Die Mitglieder des Parlaments der Evangelischen Kirche Berlin-Brandenburg haben am Donnerstag überraschend die Agrar-Wissenschaftlerin Sigrun Neuwerth zur neuen Vorsitzenden der Synode gewählt.

Die 58-jährige Referatsleiterin im Bundeslandwirtschaftsministerium hatte erst kurz vor der Wahl ihre Kandidatur bekannt gegeben und setze sich mit 55 Stimmen knapp gegen den bisherigen Amtsträger Andreas Böer durch. Der CDU-Bürgermeister im sächsischen Reichenbach, der seit 2006 Präses war und mit dessen Wiederwahl gerechnet wurde, erhielt 53 Stimmen.

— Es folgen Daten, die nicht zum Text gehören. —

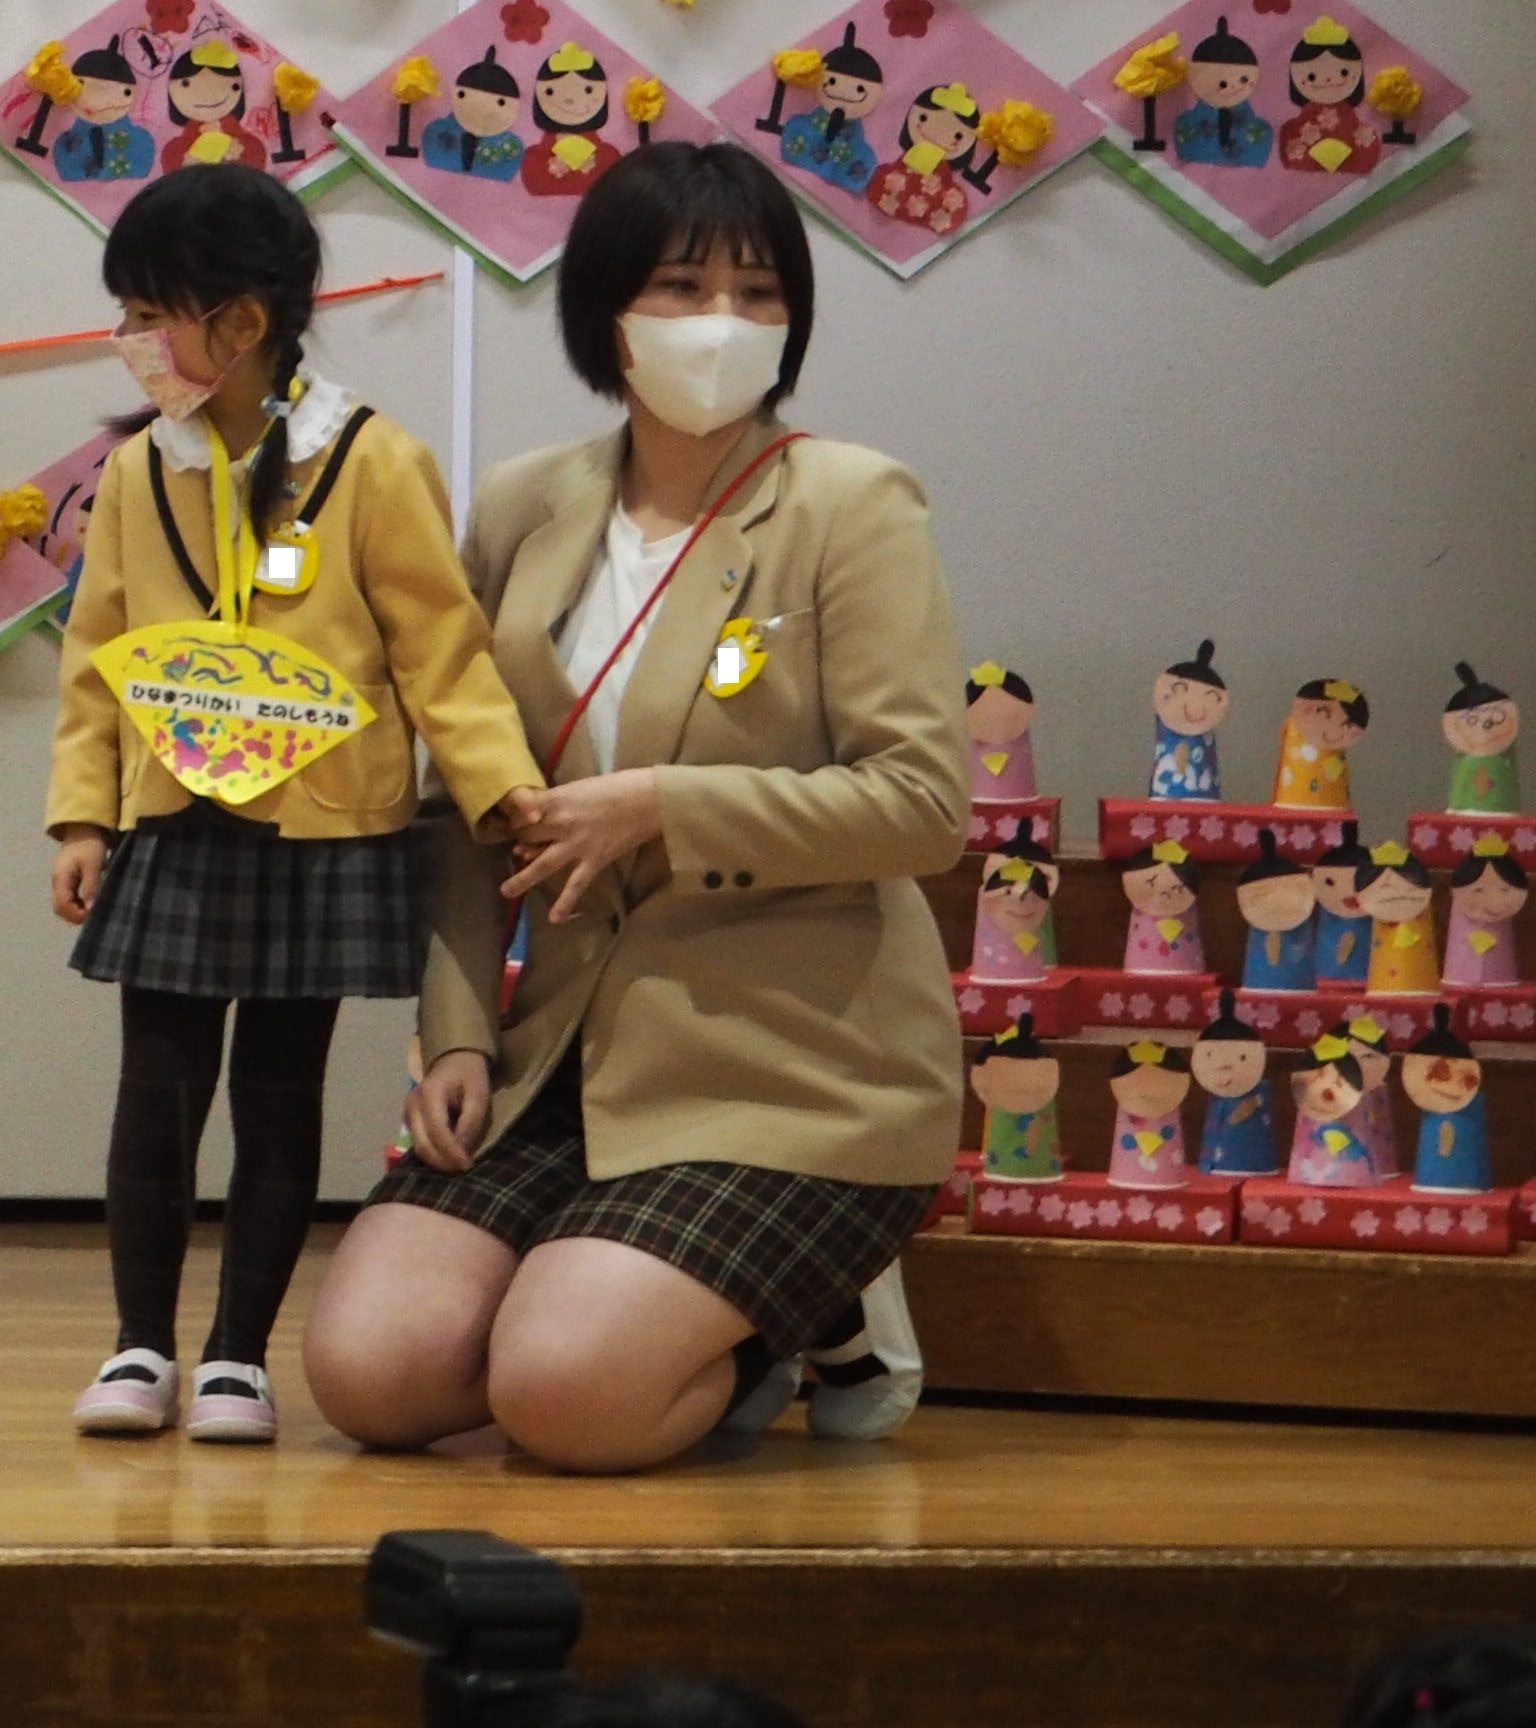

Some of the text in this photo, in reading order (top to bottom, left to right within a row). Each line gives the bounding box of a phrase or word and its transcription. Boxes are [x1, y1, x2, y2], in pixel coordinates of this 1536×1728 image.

[131, 683, 350, 727] ひなまつりかい たのしもうね

Sigrun Neuwerth lebt seit 2012 in einer Lebenspartnerschaft mit ihrer Partnerin. Sie wurde 1956 in Unna in Westfalen geboren, studierte in München Agrarwissenschaften und arbeitete unter anderem in Brüssel und Hamburg als Wirtschaftsjournalistin für Nachrichtenagenturen. 1998 wechselte sie als Pressesprecherin ins Bundeslandwirtschaftsministerium. Seit 2004 war sie bereits Präses im Berliner Kirchenkreis Pankow (später Kirchenkreis Nordost).

Der Landeskirche gehören rund eine Million Protestanten in Berlin, Brandenburg und Ostsachsen an. Eine Landessynode trifft wesentliche Entscheidungen in den geistlichen, rechtlichen und finanziellen Bereichen der Kirche; der/die für sechs Jahre gewählte Präses vertritt die Synode nach außen.

"Ich habe kandidiert. Ich bin gewählt worden. Ich freu' mich", sagte Neuwirth gegenüber dem Magazin der Synode nach der Wahl. Ihr liege besonders das Ehrenamt am Herzen: "Die Kirche wird getragen auf den Schultern des Ehrenamtes. Ich wünsche mir hier mehr Kommunikation auf Augenhöhe mit den Hauptamtlichen."

Bereits als Kind sei sie von der Kirche fasziniert gewesen: "Gottesdienste fand ich damals schon wunderbar. Es war etwas Heiliges, etwas Höheres." (nb)

-w-

#1 TimonAnonym
  • 24.01.2015, 13:07h
  • Anderswo sind die Evangelen zwar genauso homophob wie die Katholen, aber zumindest in Berlin scheint es kleine Fortschritte bei den Evangelen zu geben.

    Aber letztendlich bleibt mir dennoch jede Art organisierter Religion suspekt...
  • Direktlink »
#2 Michael43Anonym
  • 24.01.2015, 13:26h
  • Herzlichen Glückwunsch !!!

    Es ist erfreulich, das mittlerweile in fast allen Landeskirchen der EKD offen verpartnerte Pfarrer in den Pfarrhäusern wohnen und tätig sein dürfen. Die Landeskirche Württemberg scheint dort die einzige Ausnahmen "noch" zu sein.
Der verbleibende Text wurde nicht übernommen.